Large employers air doubts about ACOs
The Pacific Business Group on Health, representing 50 large purchasers of healthcare including Boeing, Chevron Corp., Target Corp., Safeway, Wells Fargo and General Electric Co., is urging the CMS to include certain safeguards in its forthcoming proposed regulations on ACOs. The proposed rules are expected to be issued shortly.
“There are many benefits of improving integration and coordination, but there are potential side effects,” David Lansky, president and CEO of the Pacific Business Group on Health, wrote in the five-page letter to CMS Administrator Don Berwick. “If the creation of an ACO in a particular community results in significant market power for the new entity, it creates the potential for pricing above competitive levels.”
The CMS regulations should explicitly state that the creation of an ACO should not increase market power of affiliated hospitals and physicians, and the Federal Trade Commission and Justice Department should conduct reviews of proposed ACOs prior to their approval, according to the letter.

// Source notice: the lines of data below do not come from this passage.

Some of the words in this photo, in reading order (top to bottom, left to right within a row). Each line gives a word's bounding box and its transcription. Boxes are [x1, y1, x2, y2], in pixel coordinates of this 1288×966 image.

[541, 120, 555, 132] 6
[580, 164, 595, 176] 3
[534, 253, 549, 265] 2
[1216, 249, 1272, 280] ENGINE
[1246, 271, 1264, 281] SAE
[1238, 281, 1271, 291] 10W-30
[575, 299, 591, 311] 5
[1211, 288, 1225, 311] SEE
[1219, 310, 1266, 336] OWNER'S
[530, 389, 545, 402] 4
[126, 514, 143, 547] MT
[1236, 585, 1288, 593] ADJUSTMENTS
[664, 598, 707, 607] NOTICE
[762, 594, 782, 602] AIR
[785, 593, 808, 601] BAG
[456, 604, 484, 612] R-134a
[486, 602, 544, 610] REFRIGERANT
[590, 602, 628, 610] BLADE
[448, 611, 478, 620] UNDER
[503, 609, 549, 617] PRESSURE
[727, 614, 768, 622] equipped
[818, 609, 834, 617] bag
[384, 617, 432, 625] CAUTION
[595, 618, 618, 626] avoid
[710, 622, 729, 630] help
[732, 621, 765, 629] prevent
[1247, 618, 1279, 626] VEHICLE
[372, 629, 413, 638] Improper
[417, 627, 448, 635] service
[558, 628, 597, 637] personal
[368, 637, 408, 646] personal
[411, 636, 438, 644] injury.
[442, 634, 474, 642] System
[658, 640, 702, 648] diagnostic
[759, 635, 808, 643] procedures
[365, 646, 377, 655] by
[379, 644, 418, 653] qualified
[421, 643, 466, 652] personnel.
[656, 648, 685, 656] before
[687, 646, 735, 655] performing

The San Francisco-based employer group is also requesting transparency in quality measures and costs for participating individual physicians and facilities. And lastly, the group recommends the CMS take steps to ensure that ACOs don’t hasten further cost-shifting to the private sector. One suggestion is to implement a performance reward program that provides a 10%-20% differential bonus to multipayer ACOs that include private carriers, according to the letter.